La décision du 29 septembre 2021 est également annulée pour ce second motif.
Sur la demande reconventionnelle de dommages et intérêts de l'association Gîtes de France Var
L'association soutient que :
- sa demande est recevable en appel au visa de l'article 566 du code de procédure civile si elle s'analyse en une demande nouvelle comme de l'article 567 du même code si elle s'analyse en une demande reconventionnelle puisqu'elle se rattache par un lien suffisant à ses prétentions originaires visant à faire cesser la suspension de son droit de vote,
- elle subit un préjudice certain causé par l'acharnement de mauvaise foi de la Fédération à son égard qui a maintenu la suspension de son droit de vote par deux décisions du 18 mai et 1er juillet 2022, et d'autres décisions jusqu'à ce jour en témoignent, malgré le jugement rendu,
- bien qu'invitée aux réunions statutaires, elle n'a pu y participer.
La Fédération réplique que cette demande formulée pour la première fois en appel est irrecevable au visa de l'article 564 du code de procédure civile mais également infondée en ce que :
- les pièces invoquées par l'intimée sont sans rapport avec son prétendu préjudice,
- le préjudice moral allégué au titre des souffrances psychologiques ne peut avoir été subi par une personne morale,
- en tout état de cause, la suspension du droit de vote n'a pas eu pour conséquence d'exclure l'association du réseau Gîtes de France, l'intimée ayant pu participer à l'ensemble des événements organisés au sein du réseau.

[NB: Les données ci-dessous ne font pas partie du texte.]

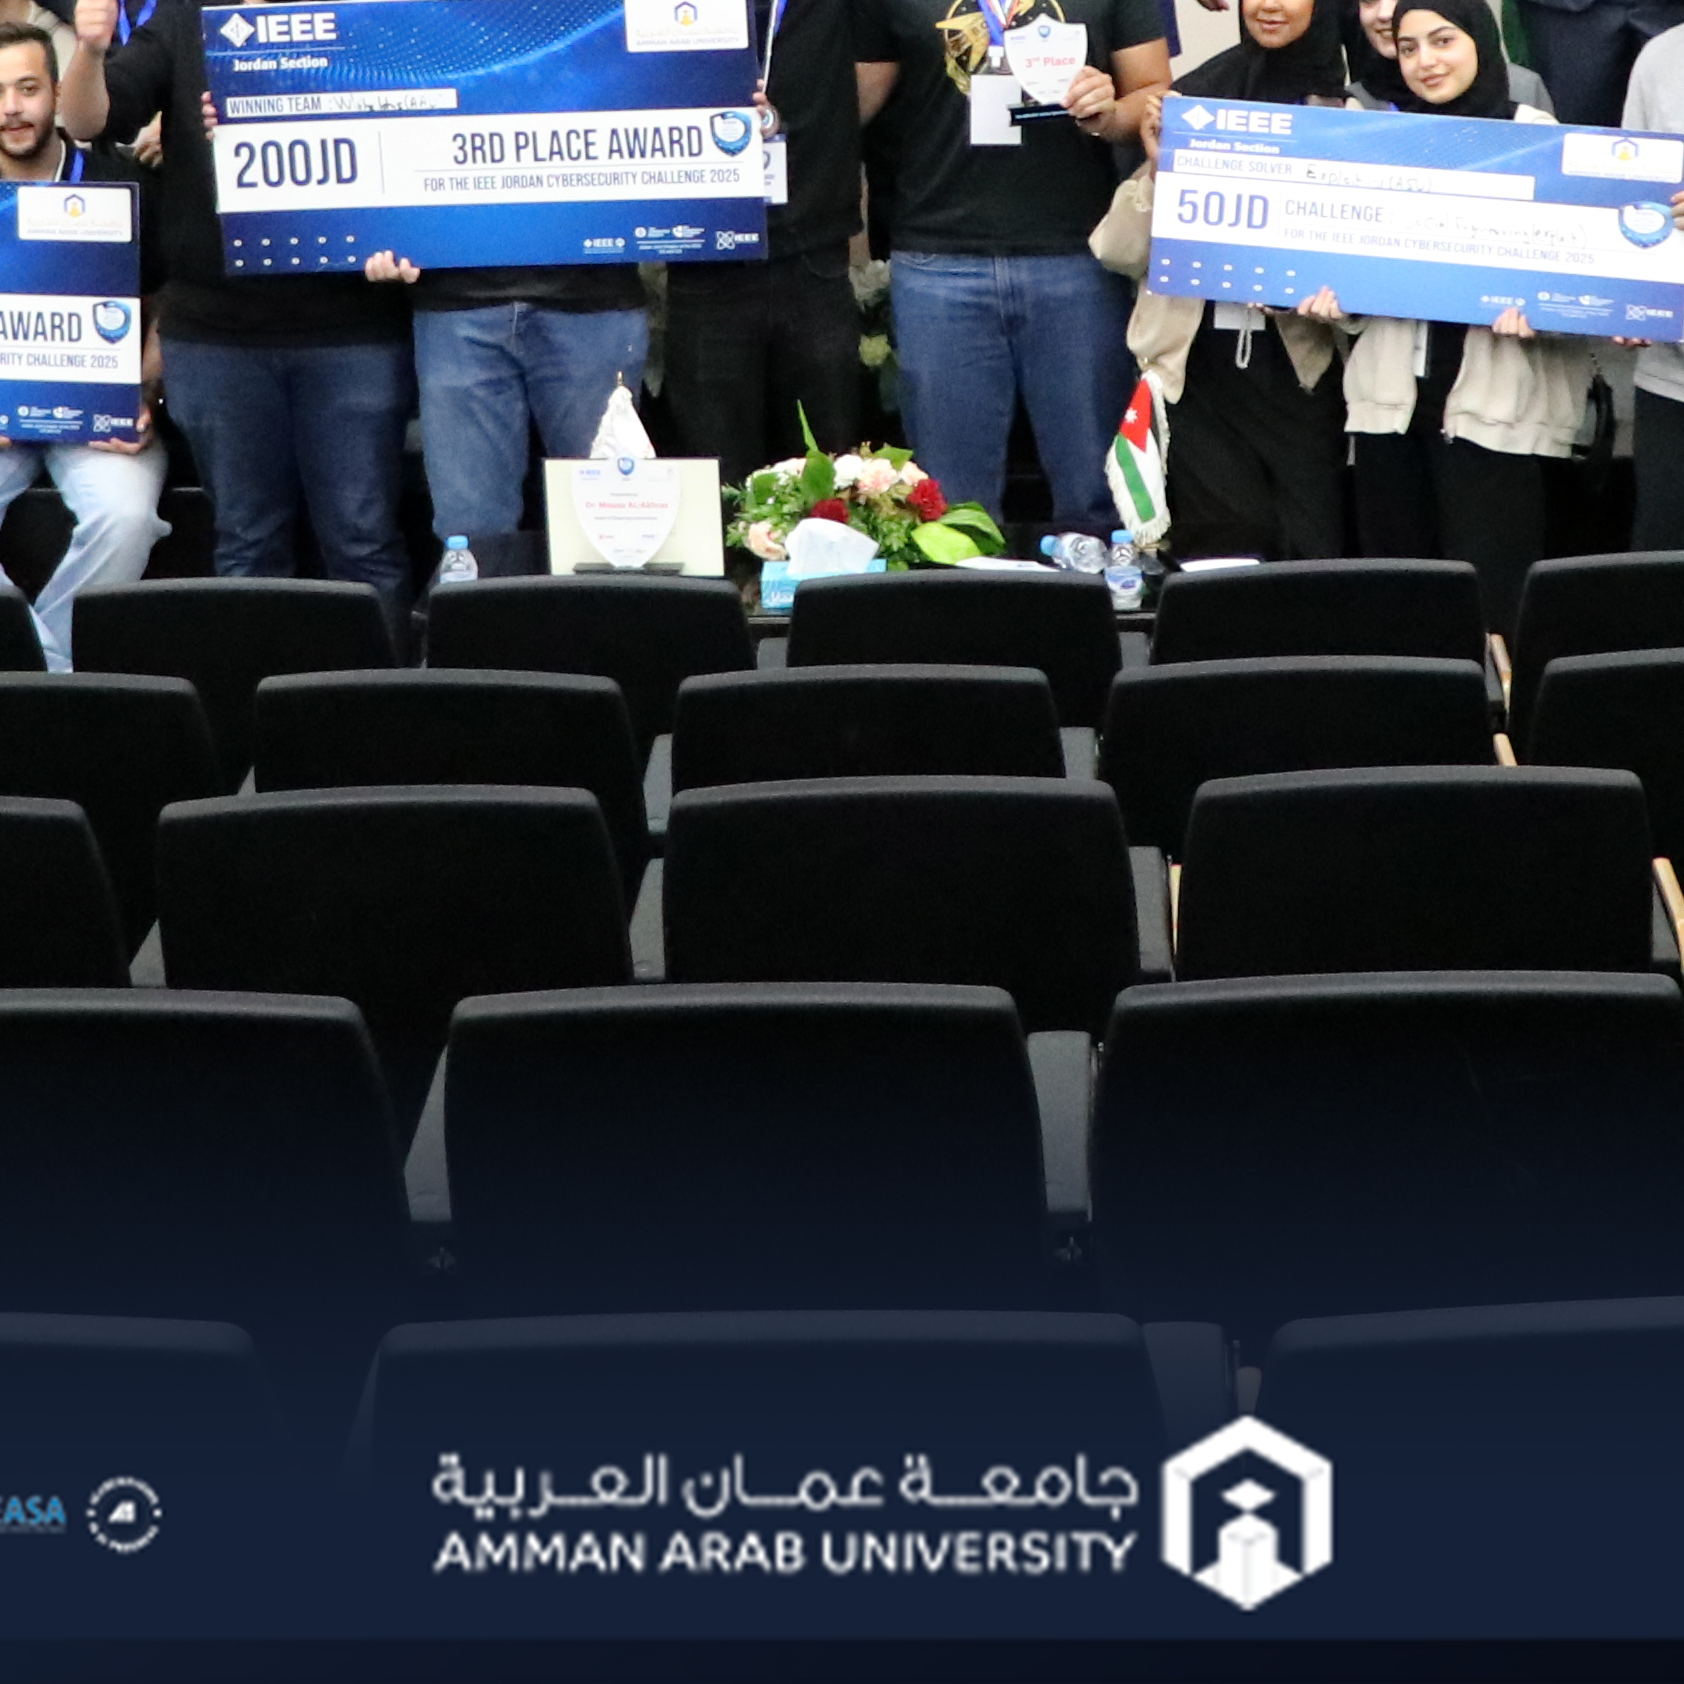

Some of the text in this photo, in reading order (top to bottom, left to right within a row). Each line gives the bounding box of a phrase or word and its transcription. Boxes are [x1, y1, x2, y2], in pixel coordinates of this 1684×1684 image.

[256, 12, 337, 44] IEEE
[232, 54, 329, 73] Jordan Section
[1024, 53, 1076, 68] 3rd Place
[229, 98, 285, 115] WINNING
[288, 96, 322, 113] TEAM
[1217, 108, 1293, 135] IEEE
[233, 124, 704, 190] 200JD 3RD PLACE AWARD
[1189, 138, 1280, 155] Jordan Section
[1176, 154, 1293, 175] CHALLENGE SOLVER
[423, 168, 741, 192] FOR THE IEEE JORDAN CYBERSECURITY CHALLENGE 2025
[1176, 189, 1384, 230] 50JD CHALLENGE
[1283, 228, 1596, 266] FOR THE IEEE JORDAN CYBERSECURITY CHALLENGE 2025
[26, 351, 87, 369] CHALLENGE
[90, 353, 119, 369] 2025

La demande de dommages et intérêts présentée par l'association est recevable bien que nouvelle en appel puisqu'elle est la conséquence ou le complément nécessaire de sa demande de nullité des décisions qui ont prononcé puis maintenu la suspension de son droit de vote à titre de sanction disciplinaire, en application de l'article 566 du code de procédure civile mais aussi en ce qu'elle constitue une demande reconventionnelle visée à l'article 567 du code de procédure civile en ce qu'elle concerne les décisions de maintien de la sanction de suspension du droit de vote de l'association prises en mai et juillet 2022 alors que les décisions antérieures avaient été annulées et que cette sanction ne pouvait donc pas être maintenue.

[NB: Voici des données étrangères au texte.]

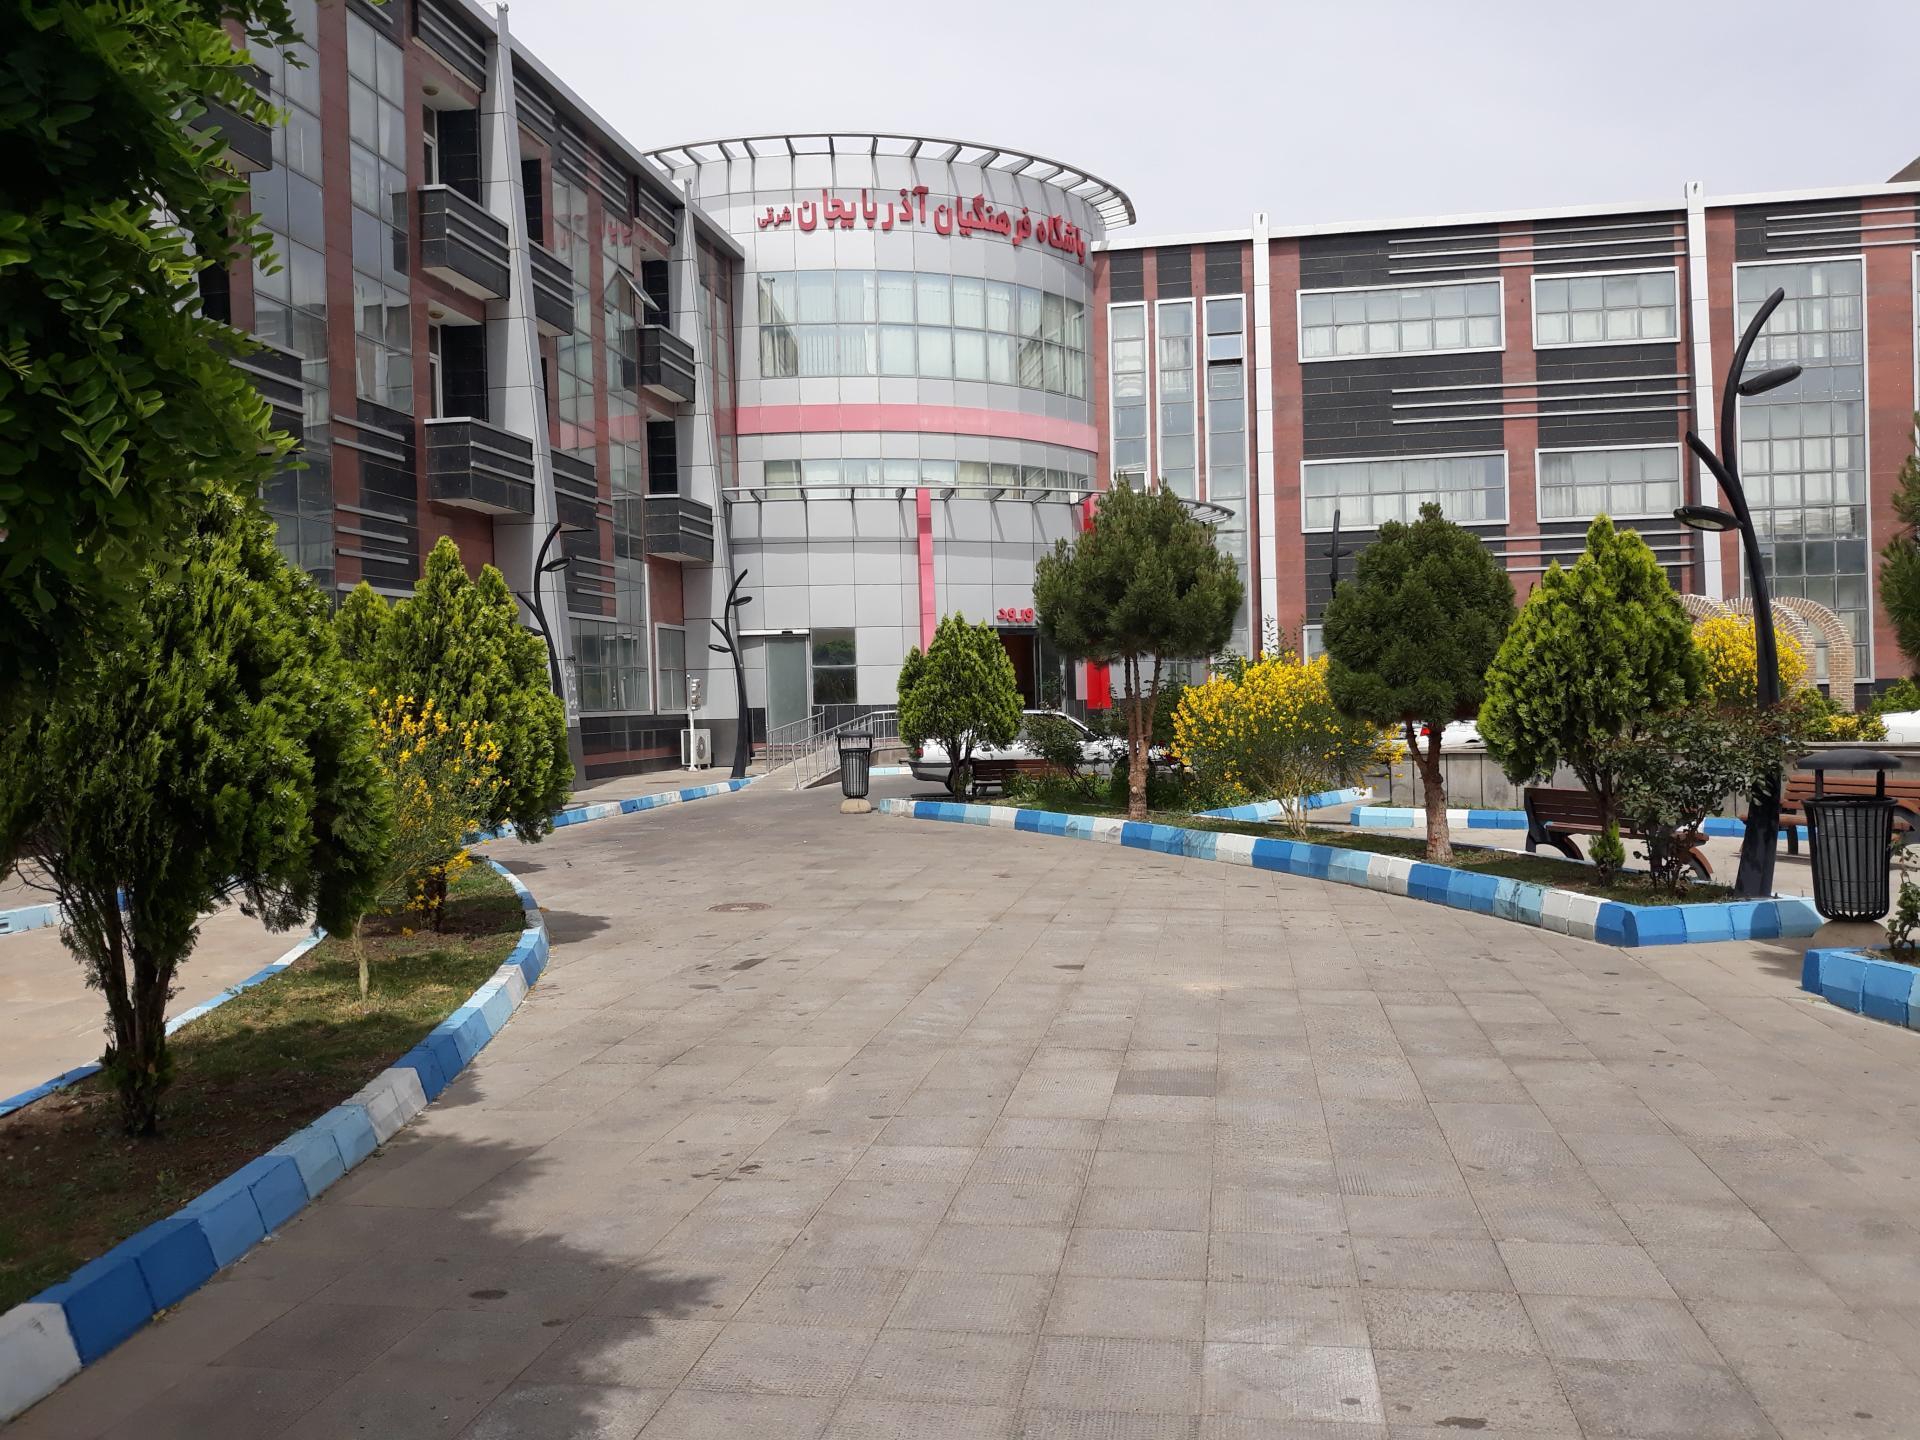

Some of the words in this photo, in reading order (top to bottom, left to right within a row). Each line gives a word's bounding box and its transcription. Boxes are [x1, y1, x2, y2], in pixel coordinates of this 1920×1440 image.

[757, 206, 792, 228] شرقی
[797, 186, 929, 231] آذربایجان
[934, 193, 1032, 247] فرهنگیان
[1036, 214, 1086, 265] باشگاه
[997, 608, 1034, 623] ورود

Cette privation indue de participation à la vie associative qui a perduré même après l'annulation des décisions litigieuses lui a causé nécessairement un préjudice puisqu'elle n'a pas pu faire entendre sa voix sur des décisions ayant un impact important sur son activité, lequel doit être indemnisé par l'octroi de la somme de 5 000 euros.
Sur les dépens et les frais irrépétibles
Les dispositions relatives aux dépens et aux frais de procédure de première instance sont confirmées.
Les dépens d'appel doivent incomber à la Fédération, partie perdante, laquelle est également condamnée à payer à l'association une somme de 8 000 euros sur le fondement de l'article 700 du code de procédure civile.
PAR CES MOTIFS
La cour
Confirme le jugement en toutes ses dispositions,
Y ajoutant,
Déclare recevable la demande de dommages et intérêts formée par l'association Gîtes de France du Var,
Condamne la Fédération nationale des Gîtes de France et du tourisme vert à payer à l'association Gîtes de France du Var une somme de 5 000 euros à titre de dommages et intérêts,
Condamne la Fédération nationale des Gîtes de France et du tourisme vert aux dépens d'appel,
Condamne la Fédération nationale des Gîtes de France et du tourisme vert à payer à l'association Gîtes de France du Var une somme de 8 000 euros sur le fondement de l'article 700 du code de procédure civile.